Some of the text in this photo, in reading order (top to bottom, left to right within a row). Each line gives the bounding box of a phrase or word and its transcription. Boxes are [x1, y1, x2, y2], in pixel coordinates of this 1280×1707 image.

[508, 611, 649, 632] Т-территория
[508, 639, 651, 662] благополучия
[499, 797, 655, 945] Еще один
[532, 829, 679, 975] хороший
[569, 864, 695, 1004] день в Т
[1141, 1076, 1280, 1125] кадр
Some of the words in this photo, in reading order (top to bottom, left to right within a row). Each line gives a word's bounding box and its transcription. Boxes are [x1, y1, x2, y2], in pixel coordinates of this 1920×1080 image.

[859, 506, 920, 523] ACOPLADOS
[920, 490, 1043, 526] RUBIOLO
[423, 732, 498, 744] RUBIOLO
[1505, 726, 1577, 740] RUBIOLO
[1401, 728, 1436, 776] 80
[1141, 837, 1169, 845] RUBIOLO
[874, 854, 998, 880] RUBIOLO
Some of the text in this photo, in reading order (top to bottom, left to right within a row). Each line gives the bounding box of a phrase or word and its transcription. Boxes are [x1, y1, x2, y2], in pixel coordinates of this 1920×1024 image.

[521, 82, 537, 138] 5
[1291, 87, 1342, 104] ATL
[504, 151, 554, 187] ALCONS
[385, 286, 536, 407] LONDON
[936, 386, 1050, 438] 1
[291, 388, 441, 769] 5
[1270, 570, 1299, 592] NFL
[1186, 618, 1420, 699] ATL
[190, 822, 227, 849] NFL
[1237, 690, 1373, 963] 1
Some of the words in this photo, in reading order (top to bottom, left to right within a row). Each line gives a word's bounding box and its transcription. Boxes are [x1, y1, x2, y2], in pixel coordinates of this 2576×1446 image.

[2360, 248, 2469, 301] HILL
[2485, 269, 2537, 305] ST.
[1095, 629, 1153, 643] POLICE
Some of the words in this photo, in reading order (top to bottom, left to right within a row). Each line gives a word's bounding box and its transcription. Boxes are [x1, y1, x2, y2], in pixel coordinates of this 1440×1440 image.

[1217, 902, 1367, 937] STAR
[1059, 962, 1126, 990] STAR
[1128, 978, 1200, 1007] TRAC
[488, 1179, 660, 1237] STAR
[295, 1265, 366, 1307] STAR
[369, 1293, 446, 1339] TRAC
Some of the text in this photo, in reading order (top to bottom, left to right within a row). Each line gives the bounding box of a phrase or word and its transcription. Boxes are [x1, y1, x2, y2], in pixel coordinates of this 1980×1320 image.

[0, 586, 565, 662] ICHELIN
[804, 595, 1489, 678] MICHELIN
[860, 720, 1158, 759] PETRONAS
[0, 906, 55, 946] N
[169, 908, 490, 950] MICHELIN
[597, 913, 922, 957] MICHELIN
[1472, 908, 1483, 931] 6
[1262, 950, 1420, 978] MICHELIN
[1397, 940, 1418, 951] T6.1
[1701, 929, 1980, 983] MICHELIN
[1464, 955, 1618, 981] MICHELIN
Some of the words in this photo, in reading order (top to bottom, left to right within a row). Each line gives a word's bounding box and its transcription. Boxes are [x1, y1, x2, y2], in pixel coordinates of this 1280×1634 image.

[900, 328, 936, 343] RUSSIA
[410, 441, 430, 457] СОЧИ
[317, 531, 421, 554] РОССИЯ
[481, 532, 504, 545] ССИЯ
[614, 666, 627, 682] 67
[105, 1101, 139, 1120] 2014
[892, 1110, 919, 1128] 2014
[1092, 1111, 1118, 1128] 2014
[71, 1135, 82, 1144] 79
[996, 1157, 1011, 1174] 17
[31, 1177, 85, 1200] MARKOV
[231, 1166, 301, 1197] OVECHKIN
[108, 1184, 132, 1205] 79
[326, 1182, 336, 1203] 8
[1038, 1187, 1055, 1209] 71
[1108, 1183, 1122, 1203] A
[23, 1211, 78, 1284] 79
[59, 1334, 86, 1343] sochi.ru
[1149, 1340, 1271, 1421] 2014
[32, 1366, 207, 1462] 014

YOUR TASK |
Would you repeat all of the entries exactly?

COMPLETED EXERCISE |
Some of the text in this photo, in reading order (top to bottom, left to right within a row). Each line gives the bounding box of a phrase or word and its transcription. Boxes are [x1, y1, x2, y2], in pixel coordinates of this 1280×1707 image.

[508, 611, 649, 632] Т-территория
[508, 639, 651, 662] благополучия
[499, 797, 655, 945] Еще один
[532, 829, 679, 975] хороший
[569, 864, 695, 1004] день в Т
[1141, 1076, 1280, 1125] кадр
Some of the words in this photo, in reading order (top to bottom, left to right within a row). Each line gives a word's bounding box and its transcription. Boxes are [x1, y1, x2, y2], in pixel coordinates of this 1920×1080 image.

[859, 506, 920, 523] ACOPLADOS
[920, 490, 1043, 526] RUBIOLO
[423, 732, 498, 744] RUBIOLO
[1505, 726, 1577, 740] RUBIOLO
[1401, 728, 1436, 776] 80
[1141, 837, 1169, 845] RUBIOLO
[874, 854, 998, 880] RUBIOLO
Some of the text in this photo, in reading order (top to bottom, left to right within a row). Each line gives the bounding box of a phrase or word and its transcription. Boxes are [x1, y1, x2, y2], in pixel coordinates of this 1920×1024 image.

[521, 82, 537, 138] 5
[1291, 87, 1342, 104] ATL
[504, 151, 554, 187] ALCONS
[385, 286, 536, 407] LONDON
[936, 386, 1050, 438] 1
[291, 388, 441, 769] 5
[1270, 570, 1299, 592] NFL
[1186, 618, 1420, 699] ATL
[190, 822, 227, 849] NFL
[1237, 690, 1373, 963] 1
Some of the words in this photo, in reading order (top to bottom, left to right within a row). Each line gives a word's bounding box and its transcription. Boxes are [x1, y1, x2, y2], in pixel coordinates of this 2576×1446 image.

[2360, 248, 2469, 301] HILL
[2485, 269, 2537, 305] ST.
[1095, 629, 1153, 643] POLICE
Some of the words in this photo, in reading order (top to bottom, left to right within a row). Each line gives a word's bounding box and its transcription. Boxes are [x1, y1, x2, y2], in pixel coordinates of this 1440×1440 image.

[1217, 902, 1367, 937] STAR
[1059, 962, 1126, 990] STAR
[1128, 978, 1200, 1007] TRAC
[488, 1179, 660, 1237] STAR
[295, 1265, 366, 1307] STAR
[369, 1293, 446, 1339] TRAC
Some of the text in this photo, in reading order (top to bottom, left to right within a row). Each line gives the bounding box of a phrase or word and its transcription. Boxes are [x1, y1, x2, y2], in pixel coordinates of this 1980×1320 image.

[0, 586, 565, 662] ICHELIN
[804, 595, 1489, 678] MICHELIN
[860, 720, 1158, 759] PETRONAS
[0, 906, 55, 946] N
[169, 908, 490, 950] MICHELIN
[597, 913, 922, 957] MICHELIN
[1472, 908, 1483, 931] 6
[1262, 950, 1420, 978] MICHELIN
[1397, 940, 1418, 951] T6.1
[1701, 929, 1980, 983] MICHELIN
[1464, 955, 1618, 981] MICHELIN
Some of the words in this photo, in reading order (top to bottom, left to right within a row). Each line gives a word's bounding box and its transcription. Boxes are [x1, y1, x2, y2], in pixel coordinates of this 1280×1634 image.

[900, 328, 936, 343] RUSSIA
[410, 441, 430, 457] СОЧИ
[317, 531, 421, 554] РОССИЯ
[481, 532, 504, 545] ССИЯ
[614, 666, 627, 682] 67
[105, 1101, 139, 1120] 2014
[892, 1110, 919, 1128] 2014
[1092, 1111, 1118, 1128] 2014
[71, 1135, 82, 1144] 79
[996, 1157, 1011, 1174] 17
[31, 1177, 85, 1200] MARKOV
[231, 1166, 301, 1197] OVECHKIN
[108, 1184, 132, 1205] 79
[326, 1182, 336, 1203] 8
[1038, 1187, 1055, 1209] 71
[1108, 1183, 1122, 1203] A
[23, 1211, 78, 1284] 79
[59, 1334, 86, 1343] sochi.ru
[1149, 1340, 1271, 1421] 2014
[32, 1366, 207, 1462] 014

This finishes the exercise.